**DATA PROVIDED:**
========================

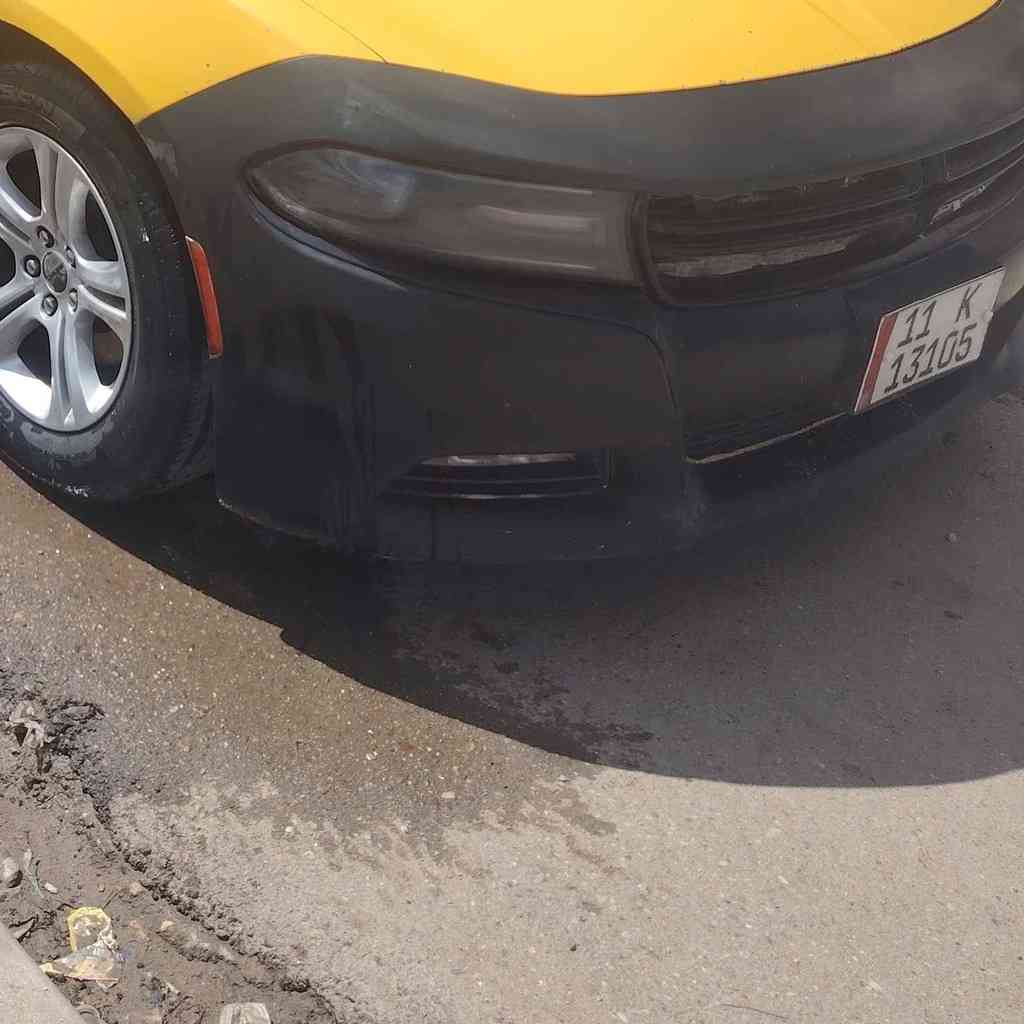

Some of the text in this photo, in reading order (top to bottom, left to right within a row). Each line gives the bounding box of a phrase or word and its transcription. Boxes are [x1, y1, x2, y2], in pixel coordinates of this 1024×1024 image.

[897, 282, 984, 349] 11 K
[883, 321, 978, 394] 13105
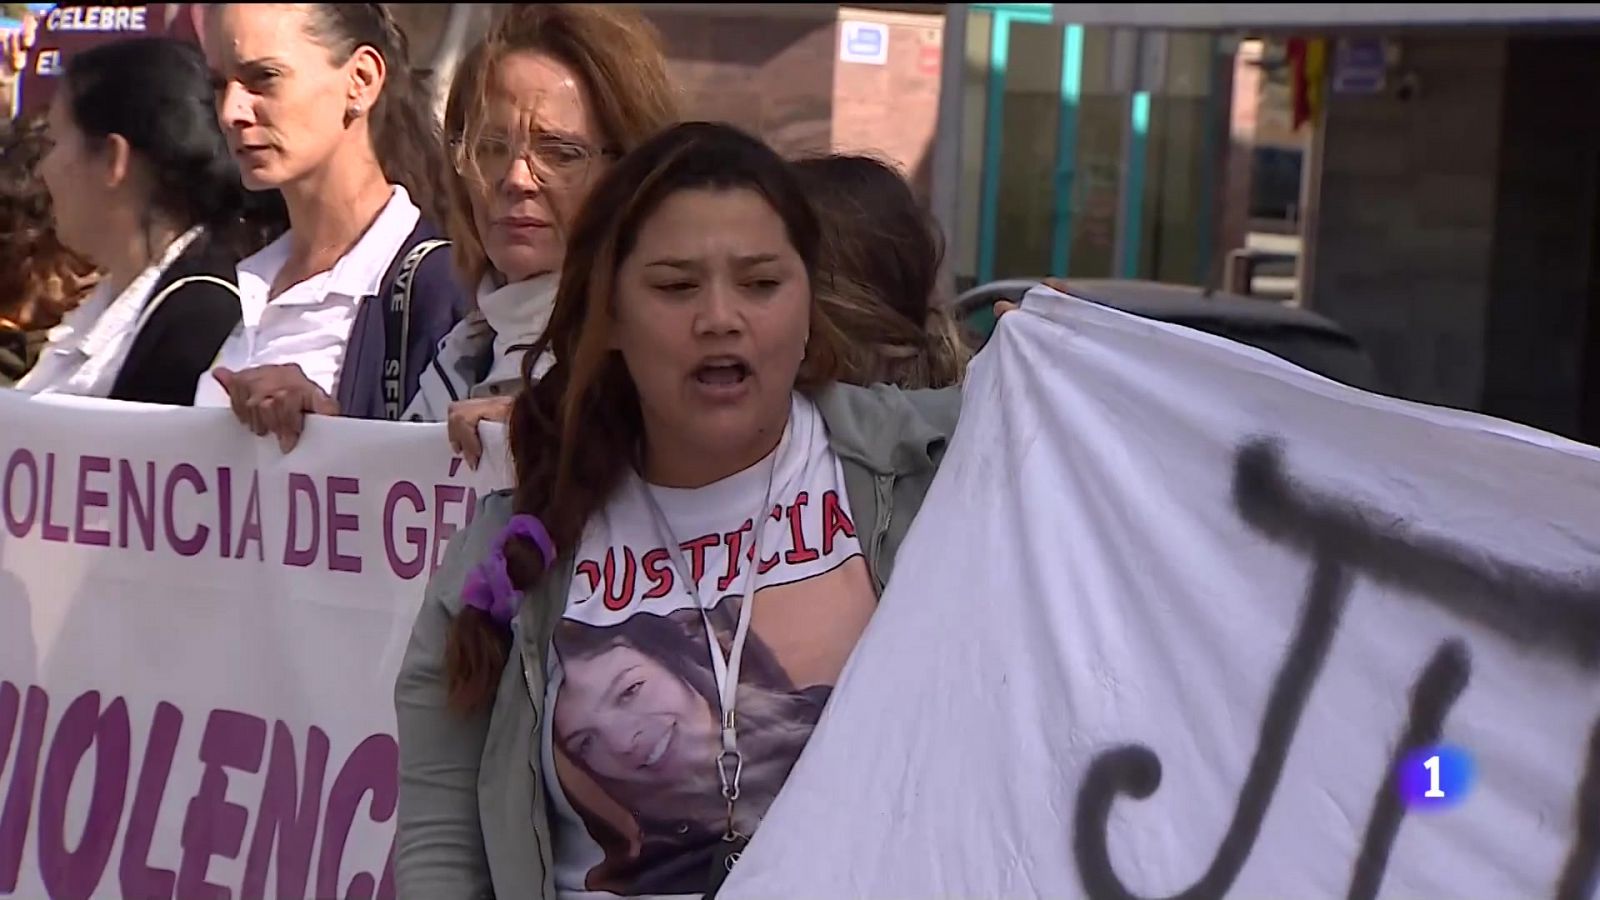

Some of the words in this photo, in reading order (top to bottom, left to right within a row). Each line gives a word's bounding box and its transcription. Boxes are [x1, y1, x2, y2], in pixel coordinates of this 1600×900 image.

[47, 6, 147, 31] CELEBRE
[283, 472, 362, 573] DE
[383, 457, 477, 584] GÉ
[0, 680, 398, 900] IOLENC
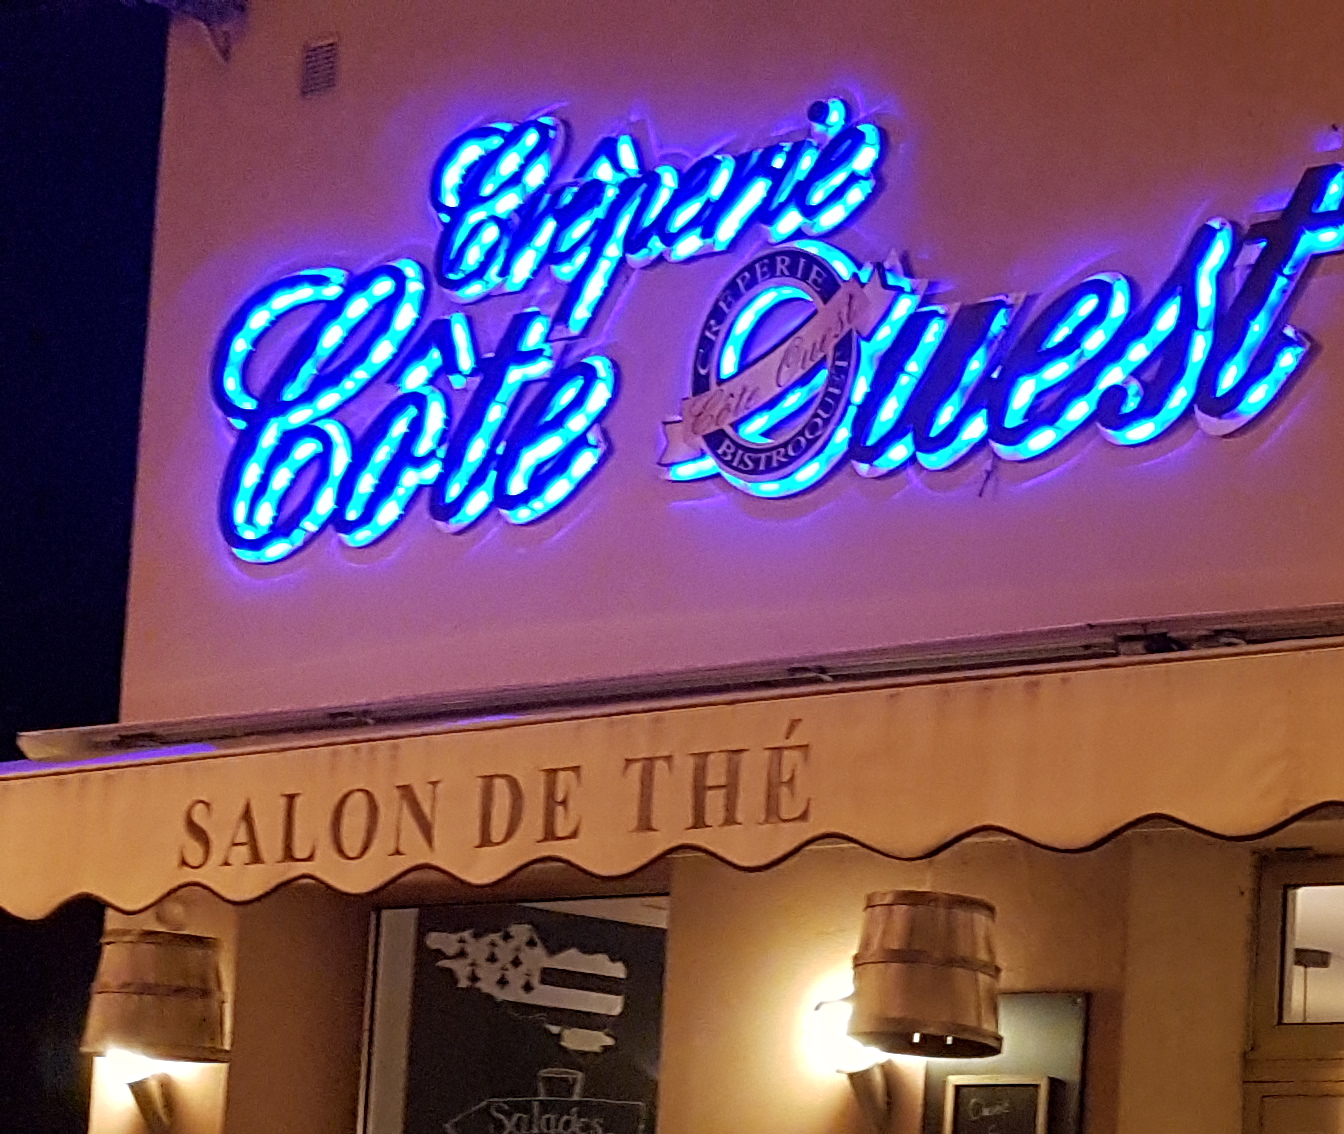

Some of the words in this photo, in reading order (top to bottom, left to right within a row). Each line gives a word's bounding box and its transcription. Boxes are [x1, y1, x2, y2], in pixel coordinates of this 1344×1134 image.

[432, 97, 882, 340] Crêperie
[697, 256, 826, 376] CREPERIE
[213, 256, 619, 564] Côte
[717, 360, 848, 471] BISTROQUET
[178, 781, 441, 869] SALON
[474, 766, 583, 849] DE
[624, 719, 812, 834] THÉ

========================

**DIRECTIONS:**
Could the data above be repeated exactly, with every picture dropped?

**WORKED SOLUTION:**
Some of the text in this photo, in reading order (top to bottom, left to right within a row). Each line gives the bounding box of a phrase or word and its transcription. Boxes are [x1, y1, x2, y2], in pixel coordinates of this 1024×1024 image.

[897, 282, 984, 349] 11 K
[883, 321, 978, 394] 13105

Some of the words in this photo, in reading order (top to bottom, left to right within a row). Each line gives a word's bounding box and its transcription. Boxes are [x1, y1, x2, y2], in pixel coordinates of this 1600×900 image.

[47, 6, 147, 31] CELEBRE
[283, 472, 362, 573] DE
[383, 457, 477, 584] GÉ
[0, 680, 398, 900] IOLENC

Some of the words in this photo, in reading order (top to bottom, left to right within a row). Each line gives a word's bounding box and its transcription. Boxes are [x1, y1, x2, y2], in pixel coordinates of this 1344×1134 image.

[432, 97, 882, 340] Crêperie
[697, 256, 826, 376] CREPERIE
[213, 256, 619, 564] Côte
[717, 360, 848, 471] BISTROQUET
[178, 781, 441, 869] SALON
[474, 766, 583, 849] DE
[624, 719, 812, 834] THÉ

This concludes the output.